The superintendent’s seat can be lonely, so It’s important not to pass up opportunities like attending the Michigan Association of Superintendents & Administrators. I was grateful to attend and network with peers, leaders, partners, and, especially my Future of Learning Council.
The conference was filled with many great keynote and whole group sessions, but Jamie Vollmer’s opening session stood out the most. Jamie, famous for his book “Schools Can’t Do It Alone,” spoke on “Rallying Support: How to cultivate allies and strengthen partnerships during times that try our souls.” All are aware of how difficult the past few years have been, and it’s easy to lose sight of the larger picture as school navigated COVID-19 and changed community & parent voices. Mr. Vollmer discussed the importance of celebrating the successes in our districts. He reiterated how critical it was that we tell our story and not allow the narratives to be created elsewhere. I can attest our social media and communications didn’t focus as much on successes as we became bogged down on dealing with the day-to-day challenges. I was able to return to my district with a renewed enthusiasm to promote and celebrate the great work that occurs daily from our students and staff.

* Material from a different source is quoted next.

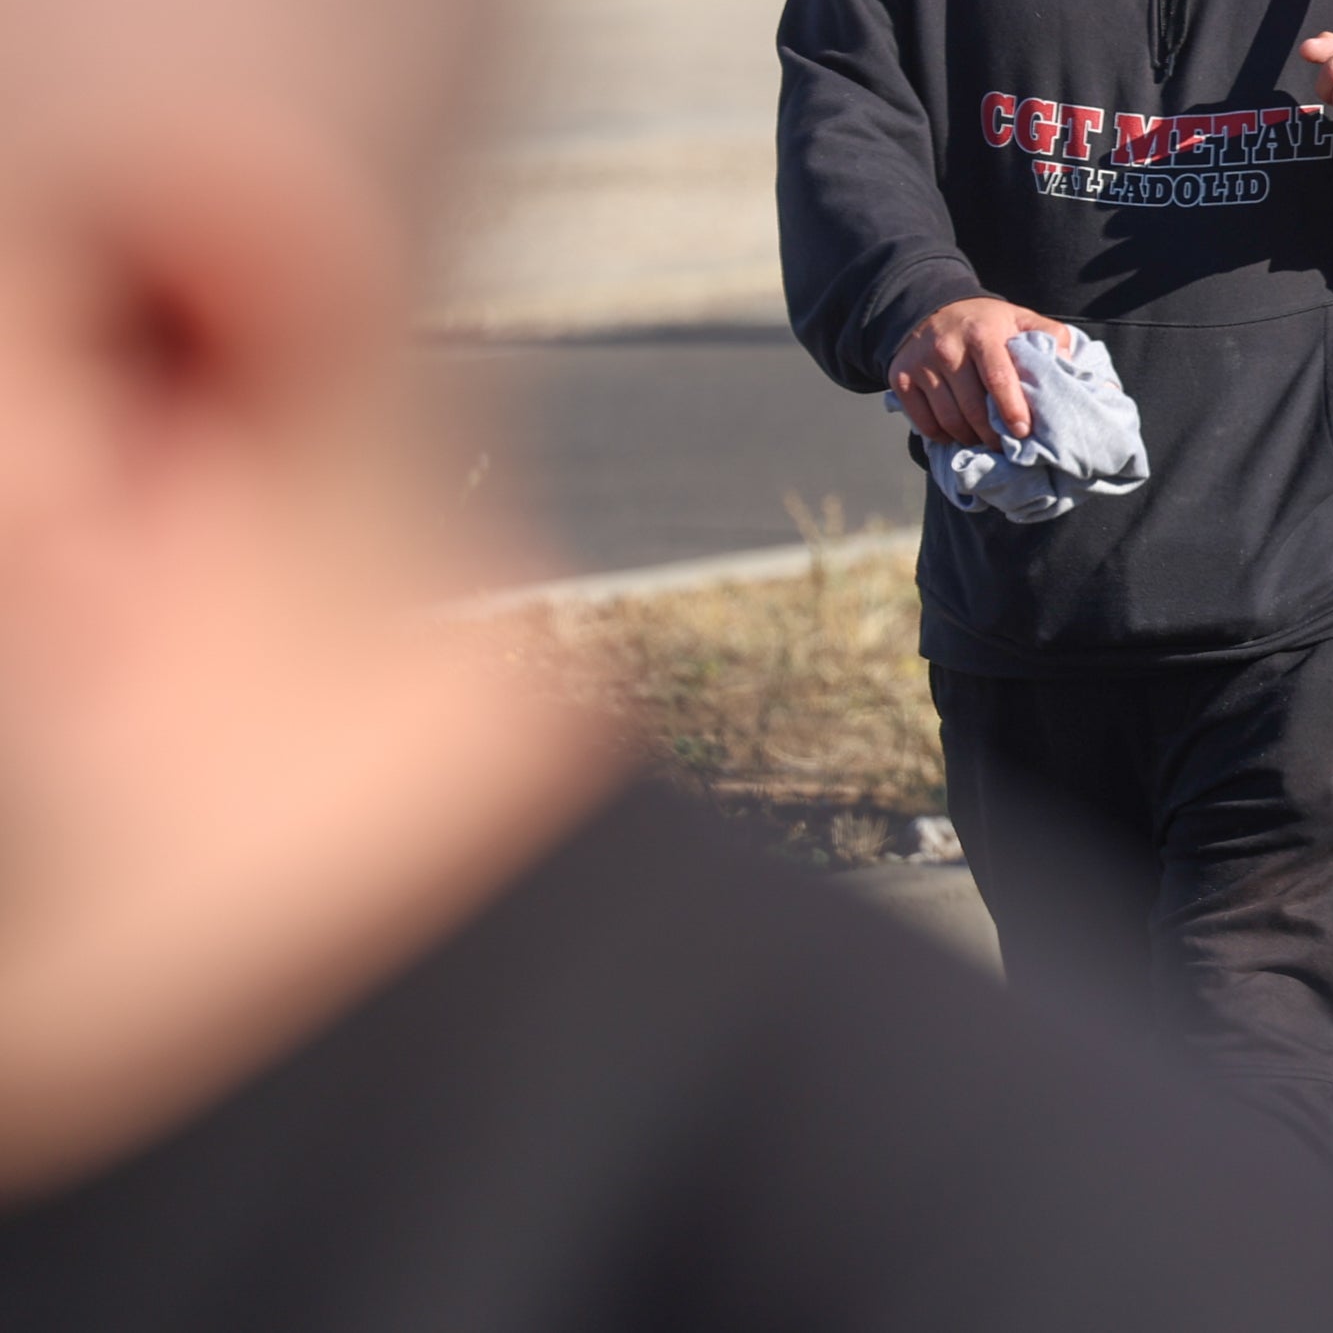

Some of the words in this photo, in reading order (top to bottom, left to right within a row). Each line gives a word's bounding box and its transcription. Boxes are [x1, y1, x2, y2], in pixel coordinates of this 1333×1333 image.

[981, 92, 1103, 160] CGT
[1112, 105, 1333, 166] METAL
[1032, 162, 1269, 207] VALLADOLID

As much as I enjoy a keynote, breakouts allow for a more personal experience and, often, a chance to dig deeper. Two breakouts stood out to me the most. The first was a study released by Michigan State University on rural education policies in Michigan. The session discussed challenges of teacher recruitment and retainment, mental health, broadband, funding disparities, housing shortage, and the importance of school leaders being at the table around community development initiatives. As a superintendent in a county-wide school district, I can speak to the challenges, but the MSU study was incredibly comprehensive, with multiple data points and suggested action steps. It now falls on rural school leaders and communities to advocate for policy changes. The second session was facilitated by Grand Ledge Public Schools and Michigan Virtual. It focused on an issue close to the FLC’s passion for personalized learning, this time not for students but staff. Michigan Virtual’s partnership with Grand Ledge led to learning modules assigned and customized to fit the needs of each staff member. As the FLC continues to help facilitate a conversation around students and adult personalized learning, this session gave me additional tools and tips to help my district begin to move forward.

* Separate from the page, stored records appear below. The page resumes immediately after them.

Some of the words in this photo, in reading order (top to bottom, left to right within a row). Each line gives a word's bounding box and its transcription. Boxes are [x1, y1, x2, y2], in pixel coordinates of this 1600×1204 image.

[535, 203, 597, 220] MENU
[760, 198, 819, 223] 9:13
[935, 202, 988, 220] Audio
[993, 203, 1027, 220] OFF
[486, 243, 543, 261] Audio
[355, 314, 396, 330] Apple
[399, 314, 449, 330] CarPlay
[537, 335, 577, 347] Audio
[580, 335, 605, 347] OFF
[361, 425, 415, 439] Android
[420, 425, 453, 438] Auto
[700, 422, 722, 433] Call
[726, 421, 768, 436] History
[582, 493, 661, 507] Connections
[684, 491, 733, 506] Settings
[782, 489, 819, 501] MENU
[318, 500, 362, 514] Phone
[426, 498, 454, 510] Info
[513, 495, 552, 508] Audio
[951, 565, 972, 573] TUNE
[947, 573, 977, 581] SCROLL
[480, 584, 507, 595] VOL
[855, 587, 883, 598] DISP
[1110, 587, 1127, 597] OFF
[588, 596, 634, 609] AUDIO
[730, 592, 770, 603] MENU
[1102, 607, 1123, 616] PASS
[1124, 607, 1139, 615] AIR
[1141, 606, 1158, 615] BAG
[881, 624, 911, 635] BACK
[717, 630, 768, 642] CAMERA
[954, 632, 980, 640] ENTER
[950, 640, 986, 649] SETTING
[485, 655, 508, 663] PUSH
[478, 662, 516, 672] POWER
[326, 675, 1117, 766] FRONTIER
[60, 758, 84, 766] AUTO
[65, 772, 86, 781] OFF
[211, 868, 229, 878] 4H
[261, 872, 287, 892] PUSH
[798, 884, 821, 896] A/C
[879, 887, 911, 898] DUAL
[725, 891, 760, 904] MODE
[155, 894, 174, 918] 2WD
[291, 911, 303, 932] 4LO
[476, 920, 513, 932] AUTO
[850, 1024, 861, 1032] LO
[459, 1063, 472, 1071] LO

I was grateful to spend a few days focusing on learning as we can often forget the superintendent is the lead learner for their district. I’m eager to share my learning with our FLC colleagues in future meetings and can’t wait to join the MASA Winter Conference in Kalamazoo!
Dan O’Connor – Superintendent at Alcona Community Schools
Dan started as a teacher at Alcona in 2006 for six years before spending six years as an assistant principal, athletic director, elementary principal, and middle/high principal. Dan is in his 6th year as superintendent.